Napoleão Bonaparte tinha foco: “Quando trabalho num plano de campanha, não consigo descansar até ter terminado, até que todas as minhas ideias tenham sido elaboradas. Sou como uma mulher em trabalho de parto”. Isso porque não existiam redes sociais, WhatsApp, TikTok ou Google na época. Se existissem, talvez tivesse sido melhor para a humanidade em número de soldados mortos. Ele teria outras distrações, talvez um game de guerra hiperrealista.
No ambiente digital reina a economia da atenção – uma batalha pelo foco das pessoas em um mundo em que há uma sobrecarga de informações e estímulos, a chamada infoxicação, acelerada pela sensação de que estamos sempre perdendo algo ou FOMO, sigla em inglês para “fear of missing out”. É lamentável que essa sobrecarga de informações venha, muitas vezes, de fontes pouco confiáveis, deixando de lado jornais e livros.
É tanta informação que o WhatsApp implementou o recurso de ouvir áudio acelerado, em maio do ano passado. Mudar para 2x é um caminho sem volta. Até na vida normal perdemos a paciência com quem enrola muito ou fala devagar. Dá vontade de apertar um botão 2x na testa da pessoa.

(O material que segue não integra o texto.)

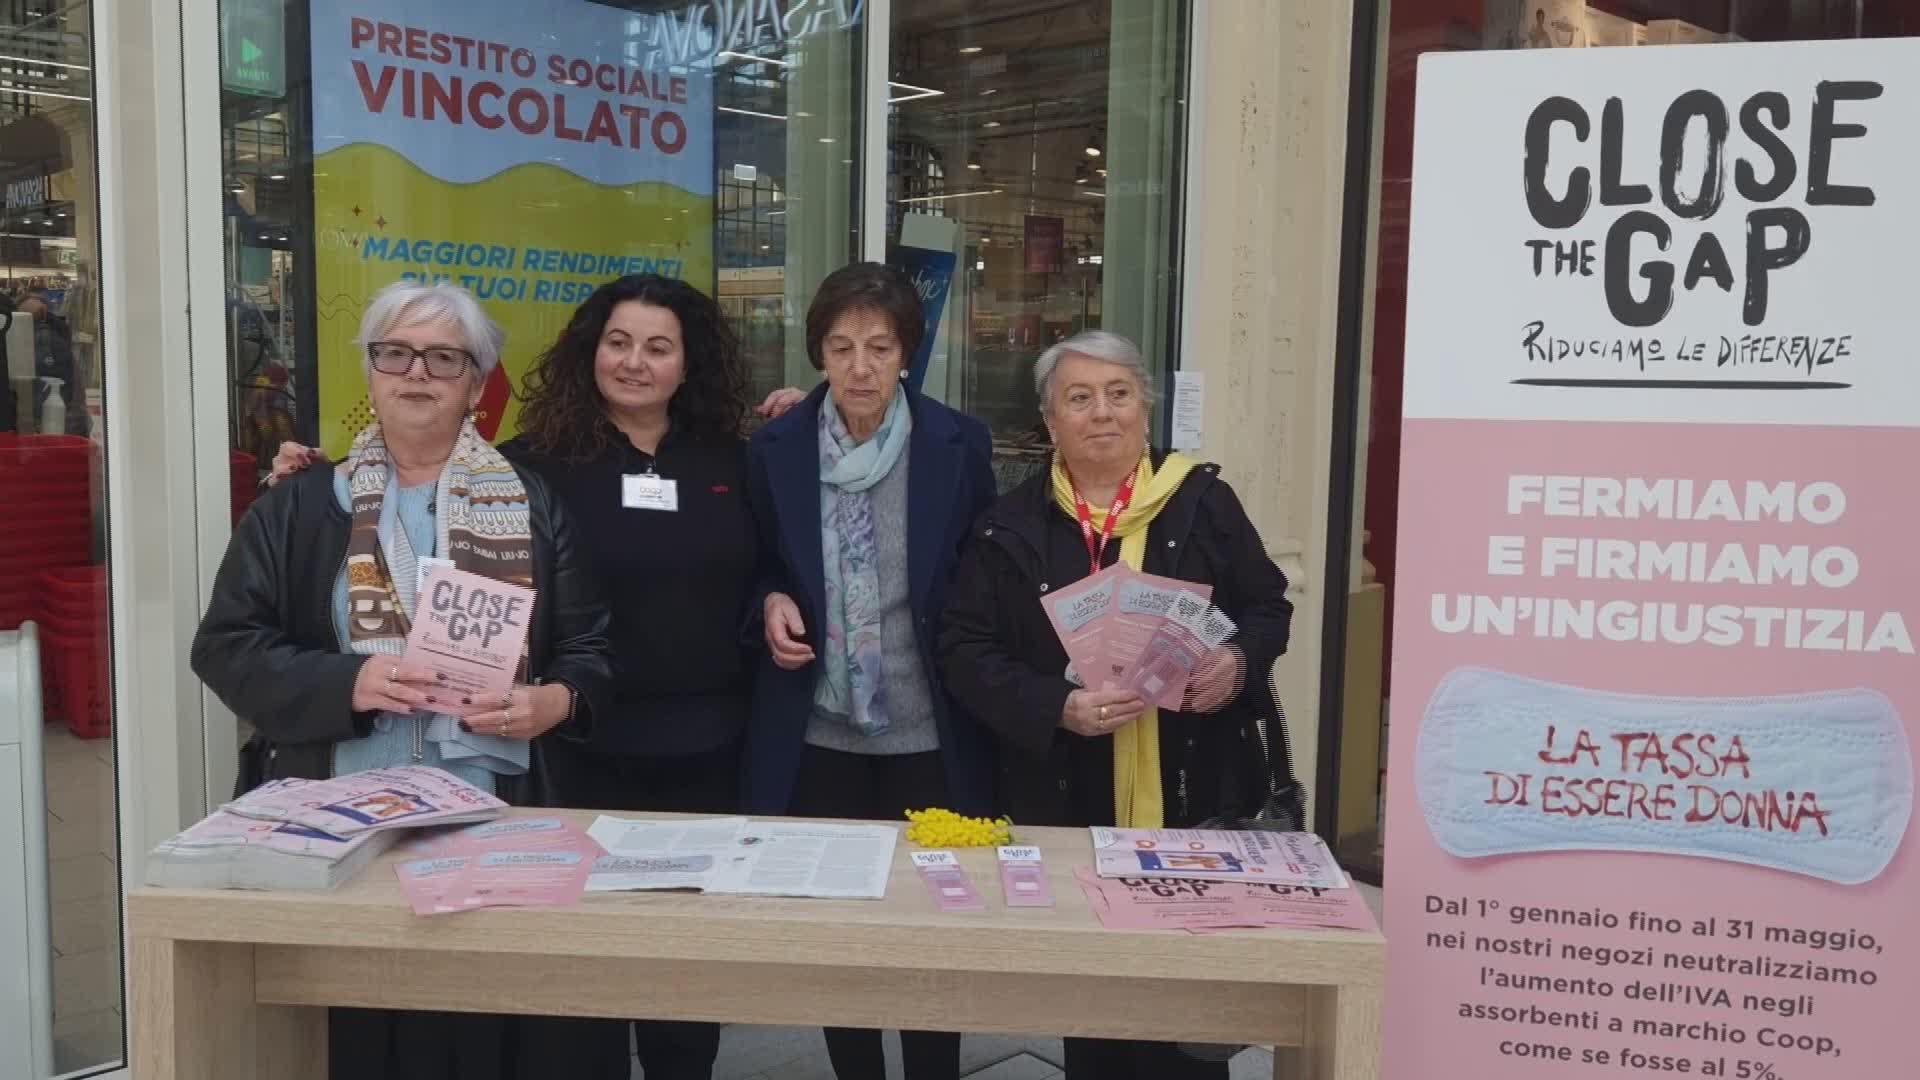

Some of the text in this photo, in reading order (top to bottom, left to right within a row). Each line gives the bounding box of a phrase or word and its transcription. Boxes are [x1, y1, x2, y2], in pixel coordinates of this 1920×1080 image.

Houve um declínio drástico do tempo médio que uma pessoa consegue manter sua atenção em uma tela. Em 2004, esse período era de aproximadamente dois minutos e meio. Atualmente, esse tempo baixou para 47 segundos, em média, segundo pesquisas. O excesso de comunicação tira o foco e podemos demorar 25 minutos para voltar ao que estávamos fazendo.
Steve Jobs definiu bem: “As pessoas acham que foco significa dizer sim àquilo que se deseja focar. Mas isso não tem nada a ver com foco. Foco significa dizer não às centenas de outras boas ideias que existem. […]Inovação é dizer não a mil coisas.”

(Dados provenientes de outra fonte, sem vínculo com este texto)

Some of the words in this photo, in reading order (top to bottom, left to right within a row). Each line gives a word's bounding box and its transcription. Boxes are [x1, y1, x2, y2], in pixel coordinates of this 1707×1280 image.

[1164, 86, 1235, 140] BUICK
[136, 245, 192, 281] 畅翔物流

O problema é que Steve Jobs também detonou a solidão. Colocou na nossa mão uma janela para o mundo. Ninguém fica mais sozinho com seus pensamentos numa sala de espera do médico ou numa noite de insônia. Mark Zuckerberg ocupa nosso tempo em conversas vagas com amigos de infância que não têm mais nada a ver conosco. Nos faz gastar o tempo vendo fotos até de estranhos. O Spotify enche nossos ouvidos com podcasts sobre tudo e sobre nada.
Quando chega a madrugada, meu pensamento vagueia na dança da solidão. Não vagueia mais, Paulinho da Viola. Ninguém se perde mais na contemplação do nada ou em sonhar sonhos impossíveis. O celular está sempre a postos para atrapalhar.

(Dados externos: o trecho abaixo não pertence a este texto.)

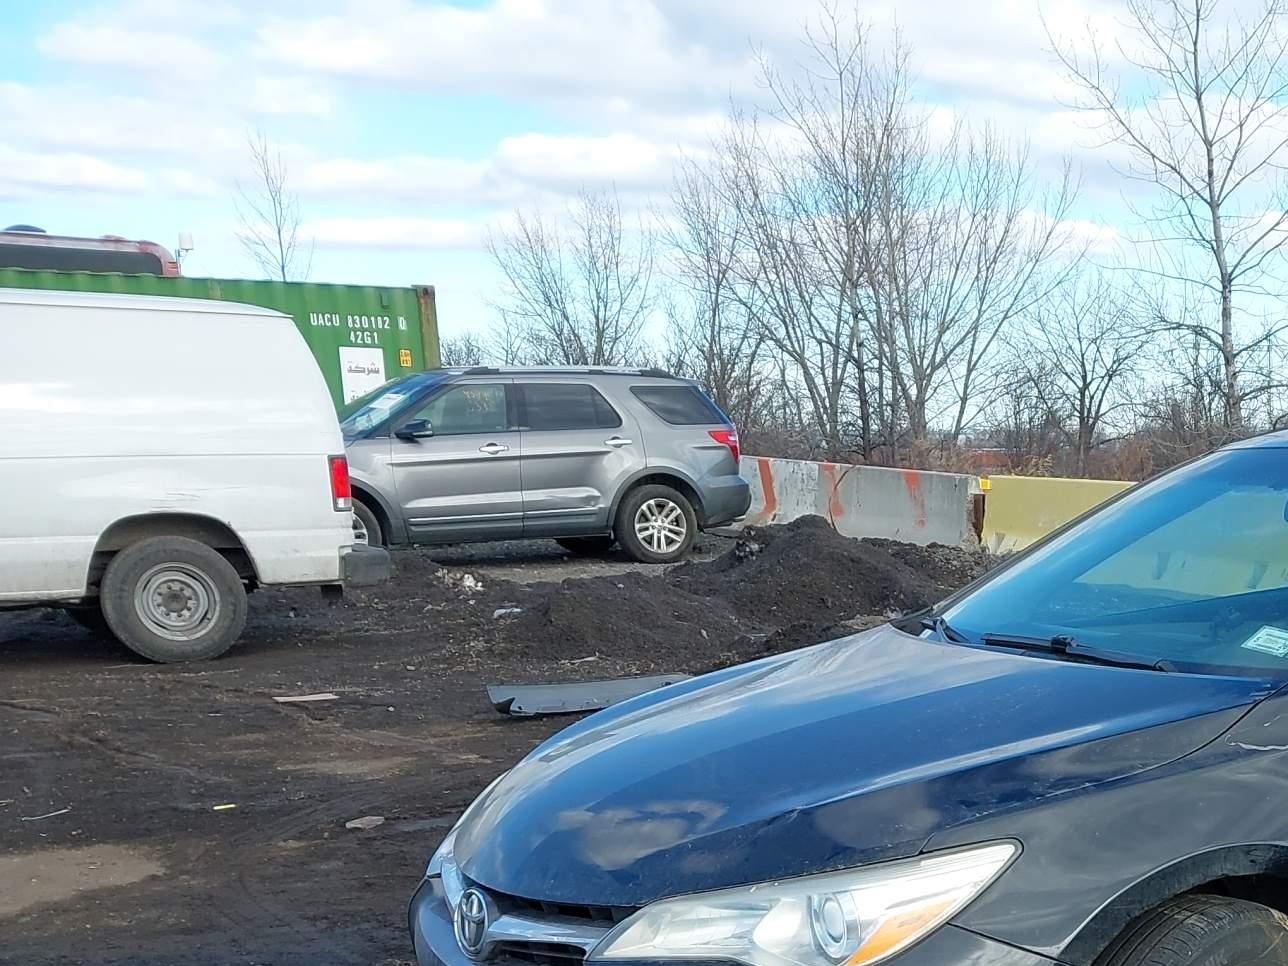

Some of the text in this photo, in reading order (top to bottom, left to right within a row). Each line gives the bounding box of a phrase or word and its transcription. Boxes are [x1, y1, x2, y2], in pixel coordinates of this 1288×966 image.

[310, 312, 340, 327] UACU
[347, 315, 391, 329] 830182
[349, 331, 379, 345] 42G1
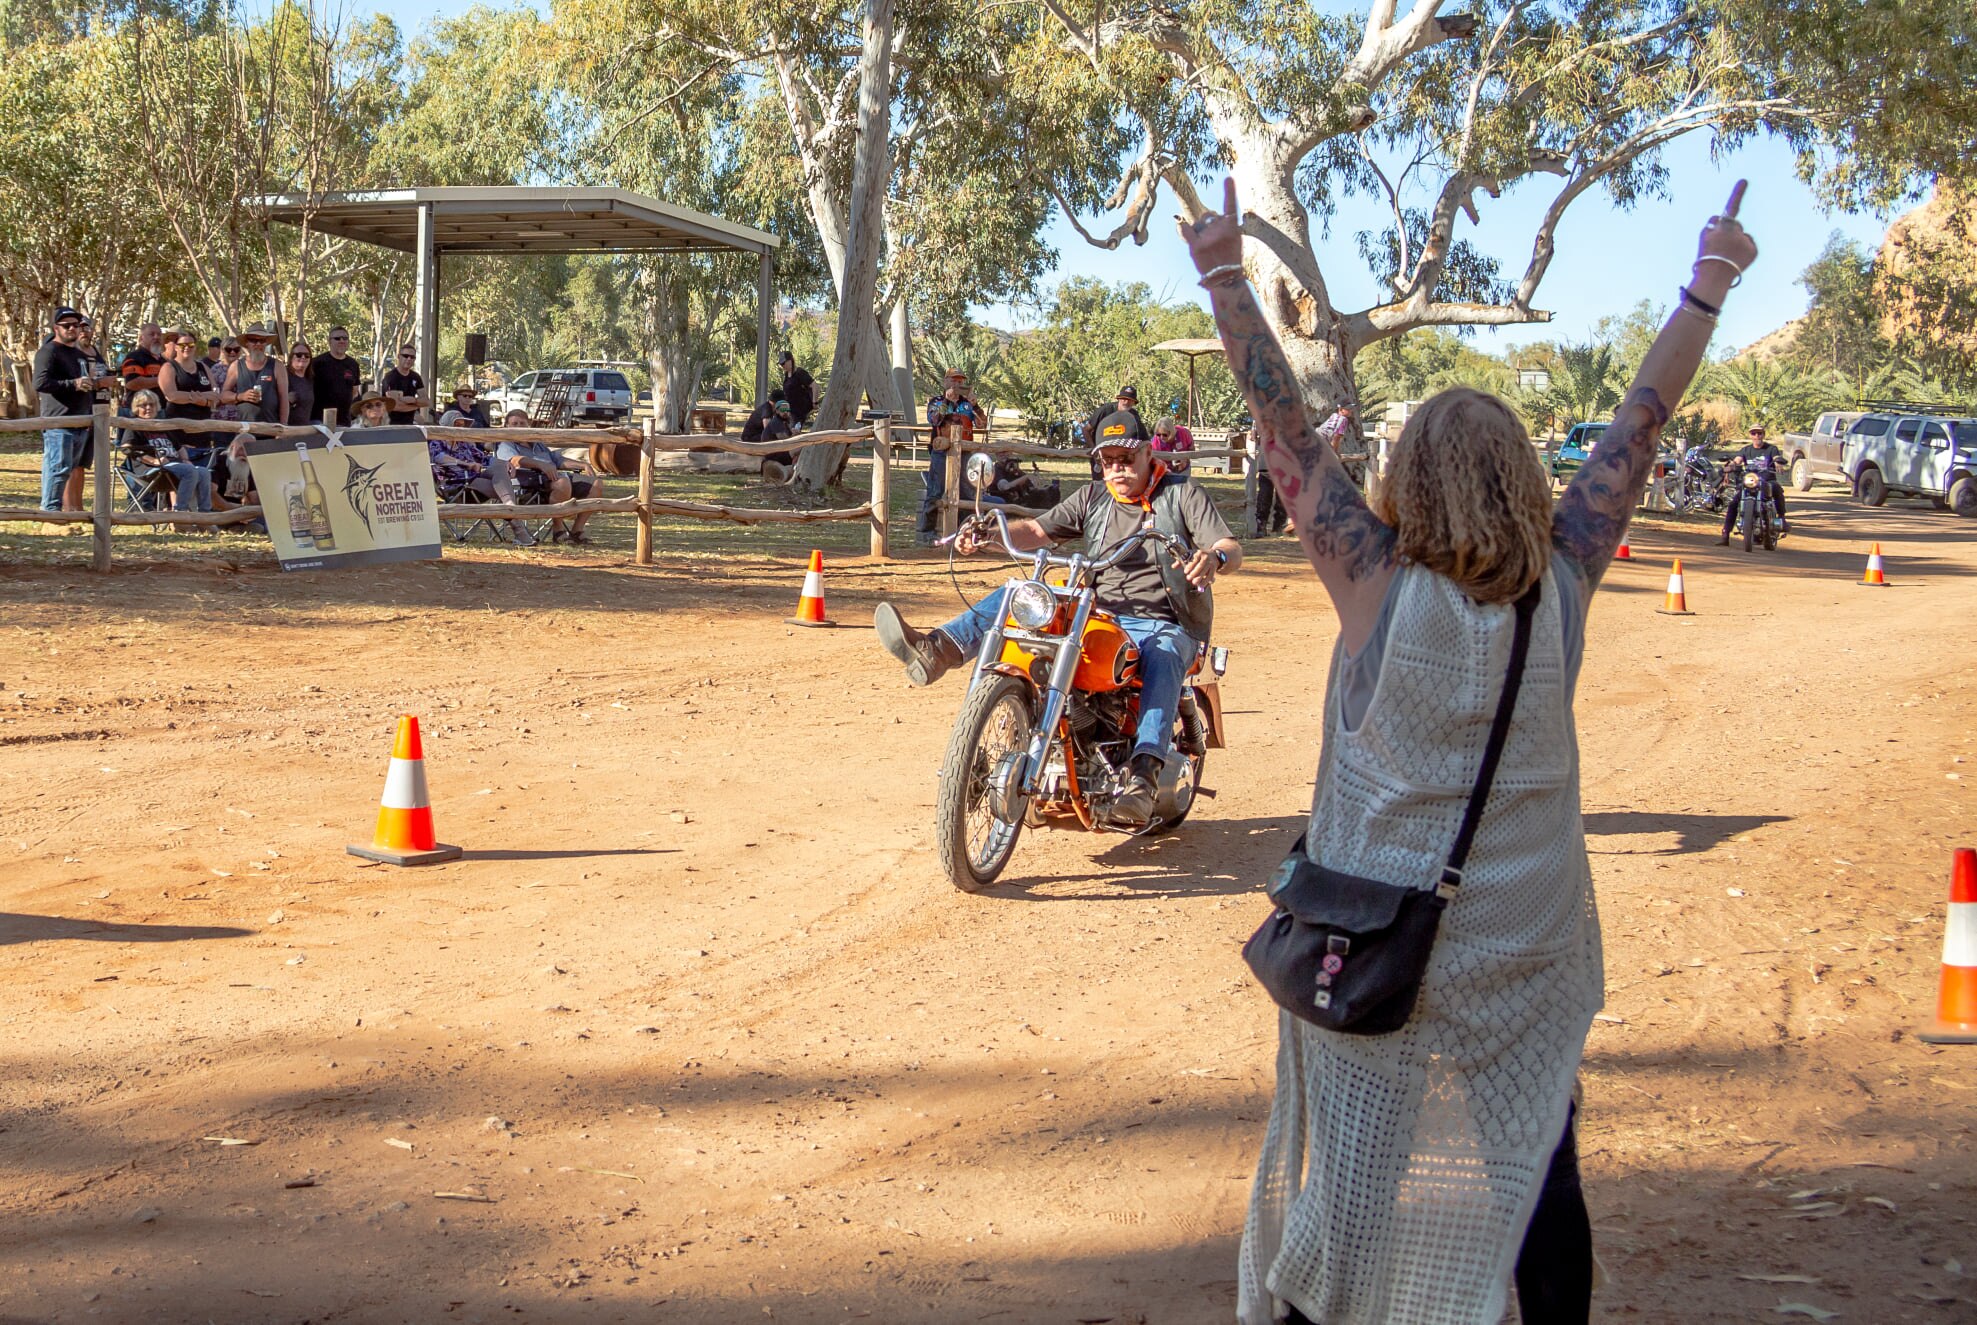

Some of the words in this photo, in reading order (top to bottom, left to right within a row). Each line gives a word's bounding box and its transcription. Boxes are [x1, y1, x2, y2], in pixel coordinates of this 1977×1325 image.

Poetas e cientistas exaltaram a importância da solidão como inspiradora. Einstein, por exemplo: “Talvez algum dia a solidão venha a ser adequadamente reconhecida e apreciada como mestra da personalidade. Há muito que os orientais o sabem”.
Fernando Pessoa: “Não tenho ambições nem desejos/ Ser poeta não é uma ambição minha/ É a minha maneira de estar sozinho.
Clarice Lispector: ”Que minha solidão me sirva de companhia/ que eu tenha a coragem de me enfrentar/ que eu saiba ficar com o nada/ e mesmo assim me sentir como se estivesse plena de tudo”.
Que 2024 nos traga mais foco, mais informação confiável, mais livros e a possibilidade de curtir a inspiradora e poética dança da solidão. Mas está difícil.